I’m going to focus on concepts and ignore many of the details that would be part of a formal data analysis. I’ll give you some suggestions for learning more at the end of the post.

    The videos

Stata has a friendly dialog box that can assist you in building multilevel models. If you would like a brief introduction using the GUI, you can watch a demonstration on Stata’s YouTube Channel:

Introduction to multilevel linear models in Stata, part 1: The xtmixed command

    Multilevel data

Multilevel data are characterized by a hierarchical structure. A classic example is children nested within classrooms and classrooms nested within schools. The test scores of students within the same classroom may be correlated due to exposure to the same teacher or textbook. Likewise, the average test scores of classes might be correlated within a school due to the similar socioeconomic level of the students.

You may have run across datasets with these kinds of structures in your own work. For our example, I would like to use a dataset that has both longitudinal and classical hierarchical features. You can access this dataset from within Stata by typing the following command:

use http://www.stata-press.com/data/r12/productivity.dta

We are going to build a model of gross state product for 48 states in the USA measured annually from 1970 to 1986. The states have been grouped into nine regions based on their economic similarity. For distributional reasons, we will be modeling the logarithm of annual Gross State Product (GSP) but in the interest of readability, I will simply refer to the dependent variable as GSP.

. describe gsp year state region

              storage  display     value
variable name   type   format      label      variable label
-----------------------------------------------------------------------------
gsp             float  %9.0g                  log(gross state product)
year            int    %9.0g                  years 1970-1986
state           byte   %9.0g                  states 1-48
region          byte   %9.0g                  regions 1-9

Let’s look at a graph of these data to see what we’re working with.

twoway (line gsp year, connect(ascending)), ///
        by(region, title("log(Gross State Product) by Region", size(medsmall)))

graph1

Each line represents the trajectory of a state’s (log) GSP over the years 1970 to 1986. The first thing I notice is that the groups of lines are different in each of the nine regions.
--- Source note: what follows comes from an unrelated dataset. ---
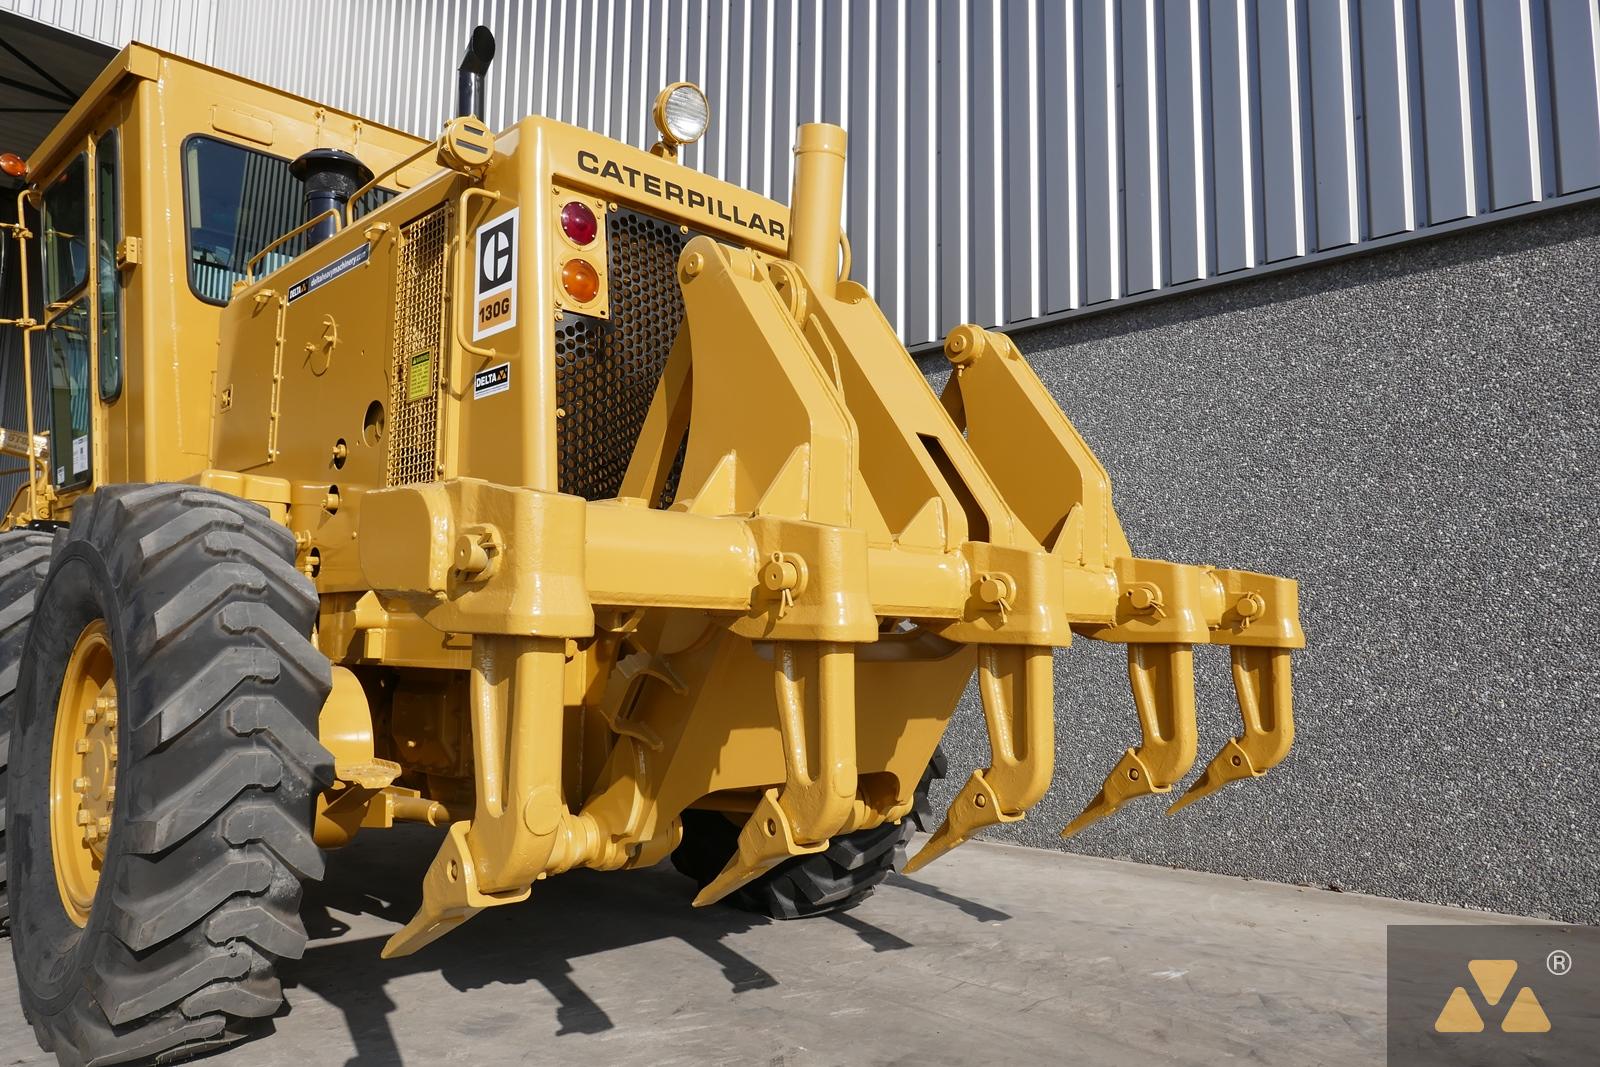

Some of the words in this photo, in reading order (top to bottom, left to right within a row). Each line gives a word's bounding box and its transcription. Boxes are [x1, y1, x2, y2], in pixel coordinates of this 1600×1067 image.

[577, 150, 786, 241] CATERPILLAR
[479, 297, 510, 323] 130G
[476, 372, 497, 388] DELTA
Some groups of lines seem higher and some groups seem lower. The second thing that I notice is that the slopes of the lines are not the same. I’d like to incorporate those attributes of the data into my model.

    Components of variance

Let’s tackle the vertical differences in the groups of lines first. If we think about the hierarchical structure of these data, I have repeated observations nested within states which are in turn nested within regions. I used color to keep track of the data hierarchy.

slide2

We could compute the mean GSP within each state and note that the observations within in each state vary about their state mean.

slide3

Likewise, we could compute the mean GSP within each region and note that the state means vary about their regional mean.

slide4

We could also compute a grand mean and note that the regional means vary about the grand mean.

slide5

Next, let’s introduce some notation to help us keep track of our mutlilevel structure. In the jargon of multilevel modelling, the repeated measurements of GSP are described as “level 1”, the states are referred to as “level 2” and the regions are “level 3”. I can add a three-part subscript to each observation to keep track of its place in the hierarchy.

slide7

Now let’s think about our model. The simplest regression model is the intercept-only model which is equivalent to the sample mean. The sample mean is the “fixed” part of the model and the difference between the observation and the mean is the residual or “random” part of the model. Econometricians often prefer the term “disturbance”. I’m going to use the symbol μ to denote the fixed part of the model. μ could represent something as simple as the sample mean or it could represent a collection of independent variables and their parameters.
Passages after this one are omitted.